Выбрать главу

В августе 1923 года Артамонов уехал на несколько дней из Варшавы в Германию. Там, в Потсдаме, в русской церкви, состоялось задуманное в Ревеле его венчание с Александрой Кирилловной Олсуфьевой. Мне показалось странным, что посаженным отцом жениха на этой свадьбе был Якушев, но недоумение осталось мимолетным – раз представитель М.О.Р. мог пользоваться советскими заграничными командировками для встреч с эмигрантами, его участие в семейном торжестве одного из них было незначительной подробностью.

Россия переживала расцвет «новой экономической политики». Ею, по мнению тех, кто верил в мощь М.О.Р., объяснялось многое, что позже, при Сталине, было бы очевидно невозможным. Кроме того, как верно сказано о «Тресте» в «Мертвой зыби», «в него верили потому, что подпольная монархическая организация в центре России была заветной мечтой эмигрантов».

А. К. Артамонова была молода, красива и общительна. Даже в таком блестящем, элегантном городе, как Варшава, ее и мужа трудно было не заметить, тем более что Артамонов нигде не служил и охотно бывал в обществе, сблизившись с кружком обеспеченных и развлекавшихся русских варшавян. Это вызывало подозрения. Пожилой эмигрант Гернгросс, бывший офицер, заполнявший досуг прогулками по городу, несколько раз, проходя по Саксонской площади мимо здания генерального штаба, заметил Артамонова, входившего в этот дом.

Своим наблюдением он поделился с моей матерью, прибавив, что пойманный им с поличным Артамонов несомненно состоит на службе штаба осведомителем о русской эмиграции. Это обвинение было безопаснее правды, а опровержение – не только невозможно, но и не желательно. Я, однако, рассказал Артамонову этот случай. Он повторил мой рассказ штабу, но ничто не изменилось – резидент М.О.Р. продолжал среди бела дня относить в штаб пакеты, предназначенные Москве, и возвращался туда за московскими ответами. Вскоре я убедился в том, что штаб был в конспирации так же неопытен, как и мы.

Зашифрованный дневник, отметивший дату моей первой встречи с Якушевым и Потаповым, был сожжен в июле 1944 года, когда советские войска подошли к Варшаве и его безопасное хранение перестало быть возможным.

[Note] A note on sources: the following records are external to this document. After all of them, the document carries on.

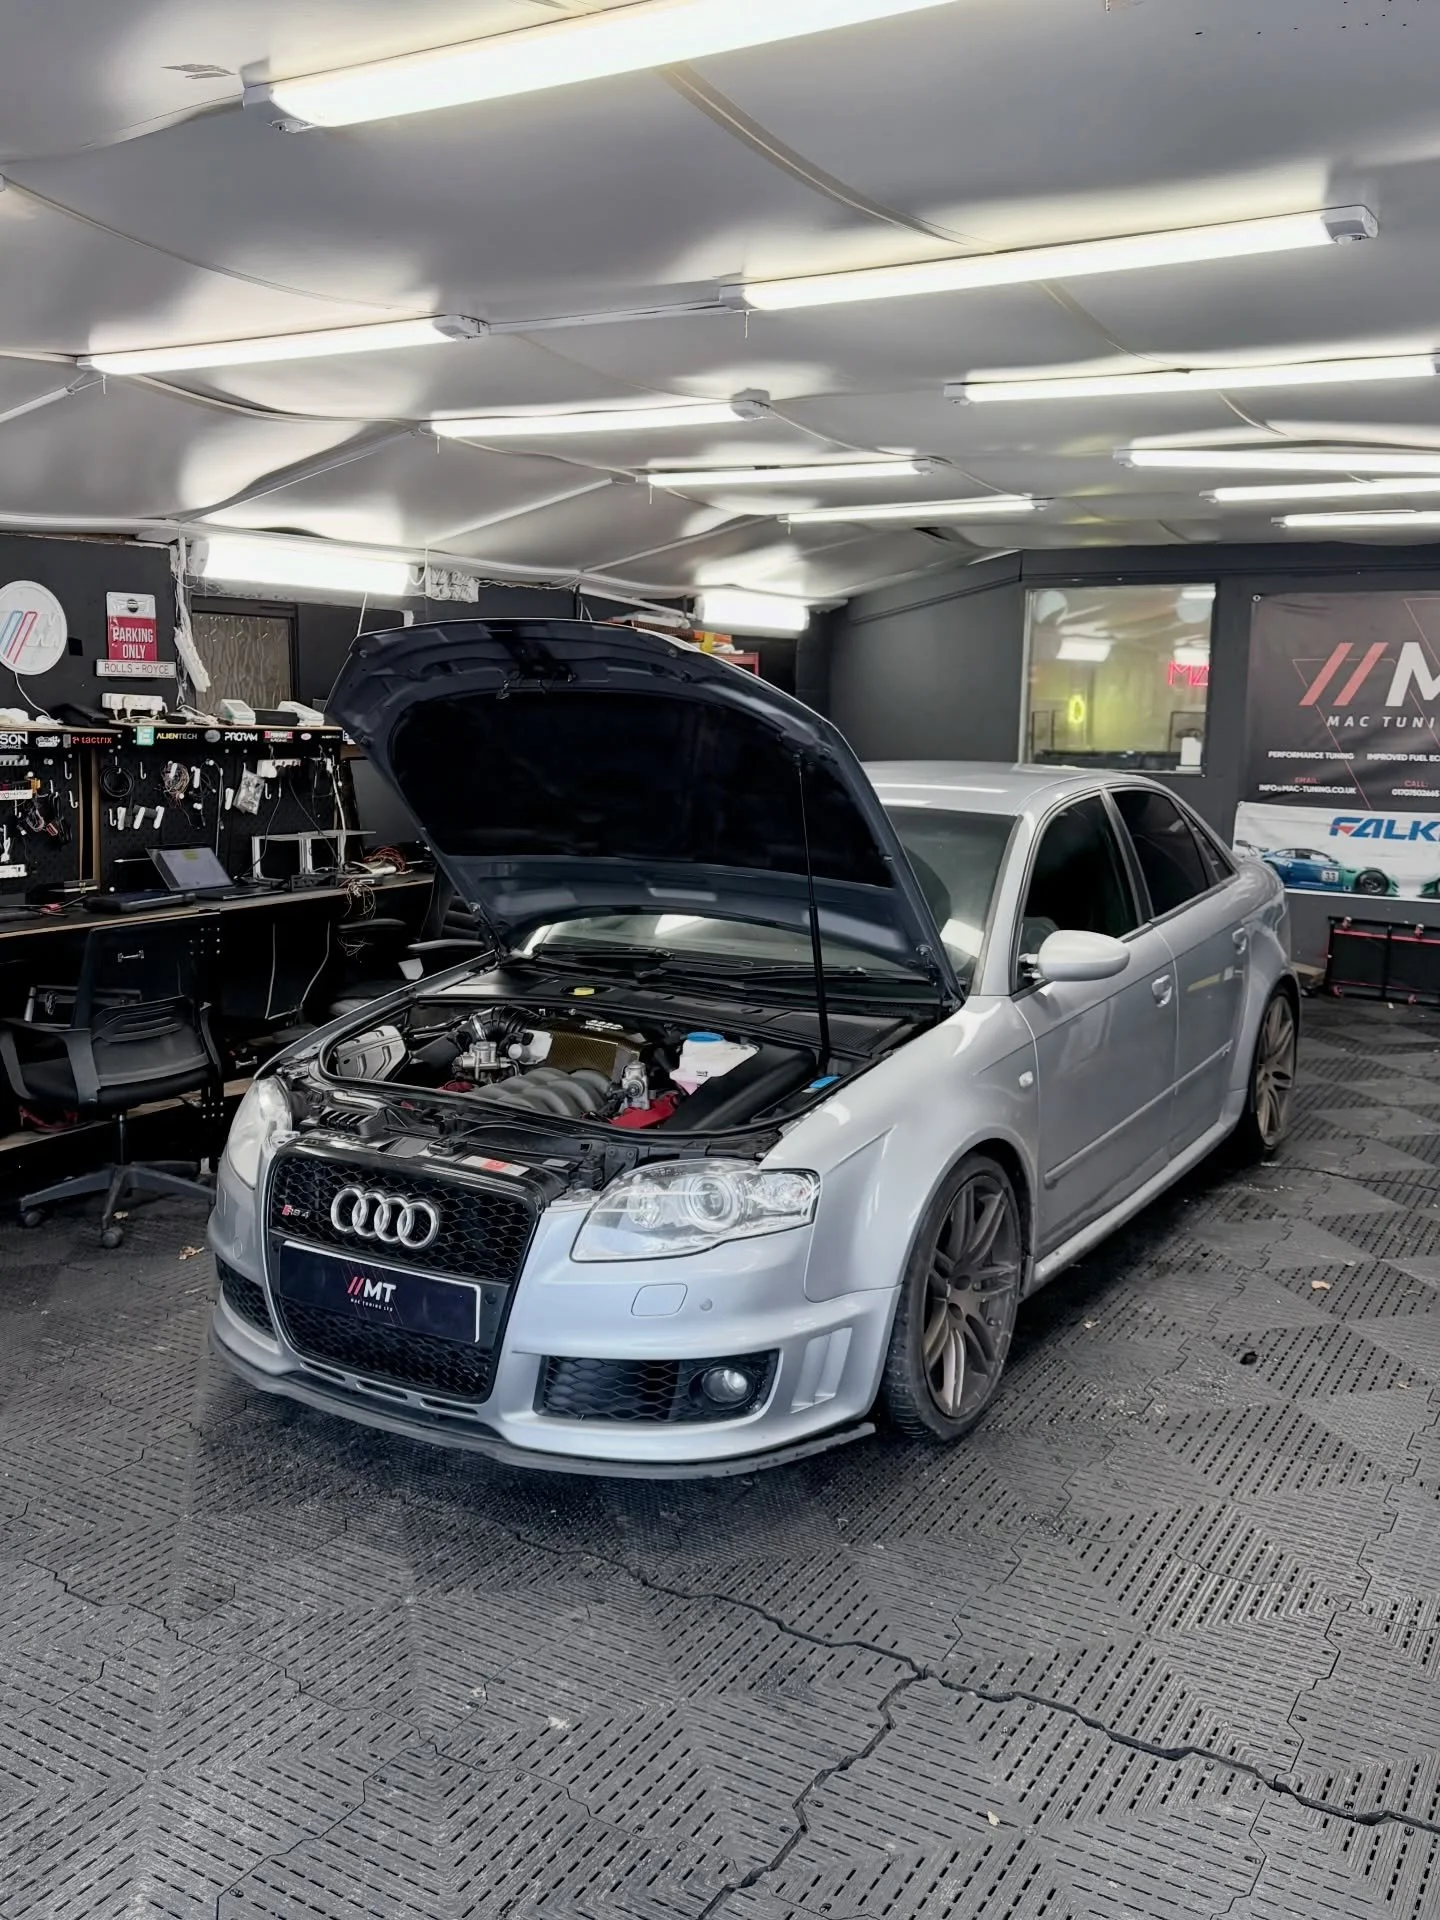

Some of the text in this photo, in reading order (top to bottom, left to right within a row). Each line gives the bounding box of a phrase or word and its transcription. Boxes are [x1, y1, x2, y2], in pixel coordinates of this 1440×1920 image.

[112, 627, 154, 643] PARKING
[122, 644, 146, 659] ONLY
[1326, 715, 1371, 728] MAC
[81, 735, 113, 745] tactrix
[156, 732, 198, 741] ALIENTECH
[1268, 750, 1355, 761] PERFORMANCE TUNING
[1366, 752, 1408, 762] IMPROVED
[1408, 754, 1428, 762] FUEL
[1329, 816, 1440, 842] FALK
[1324, 871, 1337, 882] 33
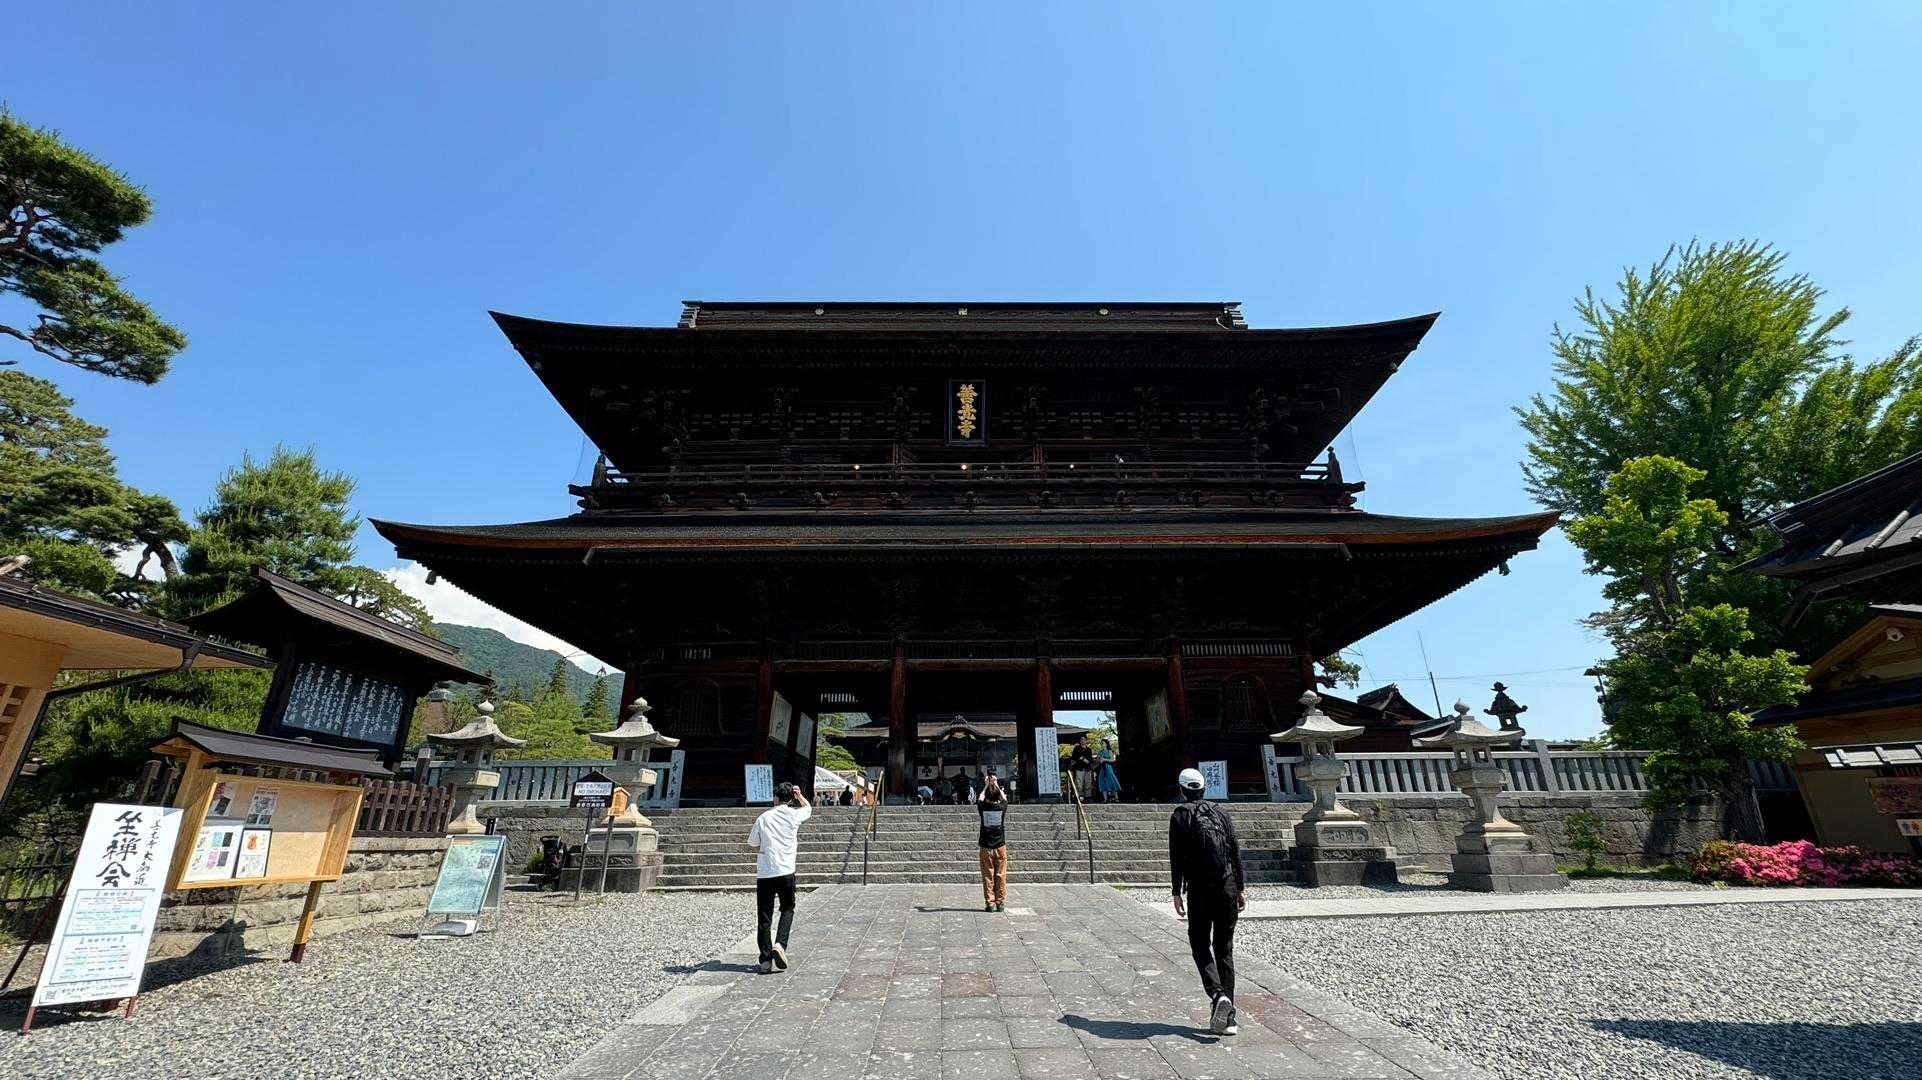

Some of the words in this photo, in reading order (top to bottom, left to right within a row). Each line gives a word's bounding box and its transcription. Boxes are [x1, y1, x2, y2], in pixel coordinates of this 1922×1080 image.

Помню, что осенью 1923 года, после возвращения из Германии, Артамонов предупредил меня о предстоящем приезде Якушева в Варшаву и прибавил, что приедет он не один, а со вторым, еще более видным участником М.О.Р. – бывшим российским военным агентом в Черногории, генералом Потаповым.

Свидание состоялось вечером, в небольшой комнате на Хлодной улице, № 5, где Артамоновы временно поселились после свадьбы. С порога бросилось в глаза светлое пятно – абажур невысокой лампы на столе у единственного, скрытого тяжелой портьерой окна. Справа от него сидел, наклонившись вперед, сутуловатый, лысый человек. Я заметил желтоватый, нездоровый цвет его лица; высокий лоб; некрасивый нос; проницательный взгляд острых черных глаз. Второго гостя я рассмотрел не сразу – он был в тени, откинувшись на спинку стула. Не сразу я увидел тяжелое, полное тело и одутловатое, скуластое, очень русское лицо.

Впрочем, в этот вечер я меньше всего был занят внешностью приезжих. Внимание было поглощено другим – впервые я увидел в Варшаве людей, называвших себя монархистами и появившихся, как в сказке, из советской Москвы, а то, что я знал тогда об их дореволюционном прошлом, казалось оправданием безусловного доверия.

Теперь я знаю, что бывший генерал-лейтенант Потапов, называвший себя в «Тресте» Медведевым, был офицером генерального штаба, прослужившим 12 лет в Черногории и вернувшимся в Россию за два с половиной года до Февральской революции, к которой он незамедлительно примкнул. Теперь мне известно, что большевики назначили его в ноябре 1917 года первым советским начальником генерального штаба, преемником отстраненного ими генерала Марушевского, и что позже он, по их назначению, был помощником управляющего военным министерством большевика Подвойского. Теперь я знаю содержание составленной им 7 декабря 1918 года и опубликованной Академией Наук СССР в первом выпуске ее «Исторического Архива» за 1962 год «Краткой справки о деятельности народного комиссариата по военным делам в первые месяцы после Октябрьской революции». Поэтому я теперь не понимаю, как могли его сверстники, бывшие начальники и сослуживцы, поверить в искренность его монархических взглядов. Но тогда – в комнате Артамоновых – все это мне не было известно, а Потапов был в моих глазах заслуженным офицером царской службы, поставившим на карту жизнь ради восстановления монархии.